A verbatim reproduction of all the entries is needed.

....

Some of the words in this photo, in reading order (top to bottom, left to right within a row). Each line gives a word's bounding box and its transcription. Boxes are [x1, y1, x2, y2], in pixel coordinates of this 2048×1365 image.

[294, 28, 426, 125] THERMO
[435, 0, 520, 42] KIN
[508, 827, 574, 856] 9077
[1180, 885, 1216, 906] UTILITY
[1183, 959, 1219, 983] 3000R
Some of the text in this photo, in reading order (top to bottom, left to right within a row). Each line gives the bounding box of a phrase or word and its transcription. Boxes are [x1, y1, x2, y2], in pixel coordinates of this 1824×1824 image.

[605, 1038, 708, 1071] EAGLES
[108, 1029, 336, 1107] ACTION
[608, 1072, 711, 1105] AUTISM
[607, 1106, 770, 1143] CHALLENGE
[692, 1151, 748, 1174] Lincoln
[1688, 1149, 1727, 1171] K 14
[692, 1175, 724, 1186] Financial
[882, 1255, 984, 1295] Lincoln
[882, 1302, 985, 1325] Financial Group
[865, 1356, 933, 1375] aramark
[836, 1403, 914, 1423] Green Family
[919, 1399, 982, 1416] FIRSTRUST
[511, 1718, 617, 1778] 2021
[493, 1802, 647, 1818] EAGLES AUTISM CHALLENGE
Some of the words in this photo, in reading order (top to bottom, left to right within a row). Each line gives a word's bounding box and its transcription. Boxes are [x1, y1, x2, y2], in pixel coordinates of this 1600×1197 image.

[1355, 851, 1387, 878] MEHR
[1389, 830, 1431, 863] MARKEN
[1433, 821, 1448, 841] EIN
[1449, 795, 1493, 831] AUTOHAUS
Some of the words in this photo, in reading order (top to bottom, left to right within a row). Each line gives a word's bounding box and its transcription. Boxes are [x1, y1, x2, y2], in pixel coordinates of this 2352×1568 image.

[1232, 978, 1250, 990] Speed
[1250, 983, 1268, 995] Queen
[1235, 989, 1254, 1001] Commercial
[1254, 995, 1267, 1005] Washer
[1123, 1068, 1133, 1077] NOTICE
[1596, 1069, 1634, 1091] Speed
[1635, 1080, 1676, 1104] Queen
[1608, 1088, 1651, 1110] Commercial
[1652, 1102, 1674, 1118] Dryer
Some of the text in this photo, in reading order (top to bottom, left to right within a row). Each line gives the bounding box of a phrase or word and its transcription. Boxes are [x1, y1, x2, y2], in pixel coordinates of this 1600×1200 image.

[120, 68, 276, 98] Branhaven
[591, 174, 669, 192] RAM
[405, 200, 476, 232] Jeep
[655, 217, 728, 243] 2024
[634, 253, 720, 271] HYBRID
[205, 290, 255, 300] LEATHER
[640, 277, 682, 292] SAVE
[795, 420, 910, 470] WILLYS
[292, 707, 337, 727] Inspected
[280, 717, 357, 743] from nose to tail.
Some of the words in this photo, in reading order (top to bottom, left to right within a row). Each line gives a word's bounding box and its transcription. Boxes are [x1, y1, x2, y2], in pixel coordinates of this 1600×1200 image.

....

Reply to the exercise →
Some of the words in this photo, in reading order (top to bottom, left to right within a row). Each line gives a word's bounding box and its transcription. Boxes are [x1, y1, x2, y2], in pixel coordinates of this 2048×1365 image.

[294, 28, 426, 125] THERMO
[435, 0, 520, 42] KIN
[508, 827, 574, 856] 9077
[1180, 885, 1216, 906] UTILITY
[1183, 959, 1219, 983] 3000R
Some of the text in this photo, in reading order (top to bottom, left to right within a row). Each line gives the bounding box of a phrase or word and its transcription. Boxes are [x1, y1, x2, y2], in pixel coordinates of this 1824×1824 image.

[605, 1038, 708, 1071] EAGLES
[108, 1029, 336, 1107] ACTION
[608, 1072, 711, 1105] AUTISM
[607, 1106, 770, 1143] CHALLENGE
[692, 1151, 748, 1174] Lincoln
[1688, 1149, 1727, 1171] K 14
[692, 1175, 724, 1186] Financial
[882, 1255, 984, 1295] Lincoln
[882, 1302, 985, 1325] Financial Group
[865, 1356, 933, 1375] aramark
[836, 1403, 914, 1423] Green Family
[919, 1399, 982, 1416] FIRSTRUST
[511, 1718, 617, 1778] 2021
[493, 1802, 647, 1818] EAGLES AUTISM CHALLENGE
Some of the words in this photo, in reading order (top to bottom, left to right within a row). Each line gives a word's bounding box and its transcription. Boxes are [x1, y1, x2, y2], in pixel coordinates of this 1600×1197 image.

[1355, 851, 1387, 878] MEHR
[1389, 830, 1431, 863] MARKEN
[1433, 821, 1448, 841] EIN
[1449, 795, 1493, 831] AUTOHAUS
Some of the words in this photo, in reading order (top to bottom, left to right within a row). Each line gives a word's bounding box and its transcription. Boxes are [x1, y1, x2, y2], in pixel coordinates of this 2352×1568 image.

[1232, 978, 1250, 990] Speed
[1250, 983, 1268, 995] Queen
[1235, 989, 1254, 1001] Commercial
[1254, 995, 1267, 1005] Washer
[1123, 1068, 1133, 1077] NOTICE
[1596, 1069, 1634, 1091] Speed
[1635, 1080, 1676, 1104] Queen
[1608, 1088, 1651, 1110] Commercial
[1652, 1102, 1674, 1118] Dryer
Some of the text in this photo, in reading order (top to bottom, left to right within a row). Each line gives the bounding box of a phrase or word and its transcription. Boxes are [x1, y1, x2, y2], in pixel coordinates of this 1600×1200 image.

[120, 68, 276, 98] Branhaven
[591, 174, 669, 192] RAM
[405, 200, 476, 232] Jeep
[655, 217, 728, 243] 2024
[634, 253, 720, 271] HYBRID
[205, 290, 255, 300] LEATHER
[640, 277, 682, 292] SAVE
[795, 420, 910, 470] WILLYS
[292, 707, 337, 727] Inspected
[280, 717, 357, 743] from nose to tail.
Some of the words in this photo, in reading order (top to bottom, left to right within a row). Each line gives a word's bounding box and its transcription. Boxes are [x1, y1, x2, y2], in pixel coordinates of this 1600×1200 image.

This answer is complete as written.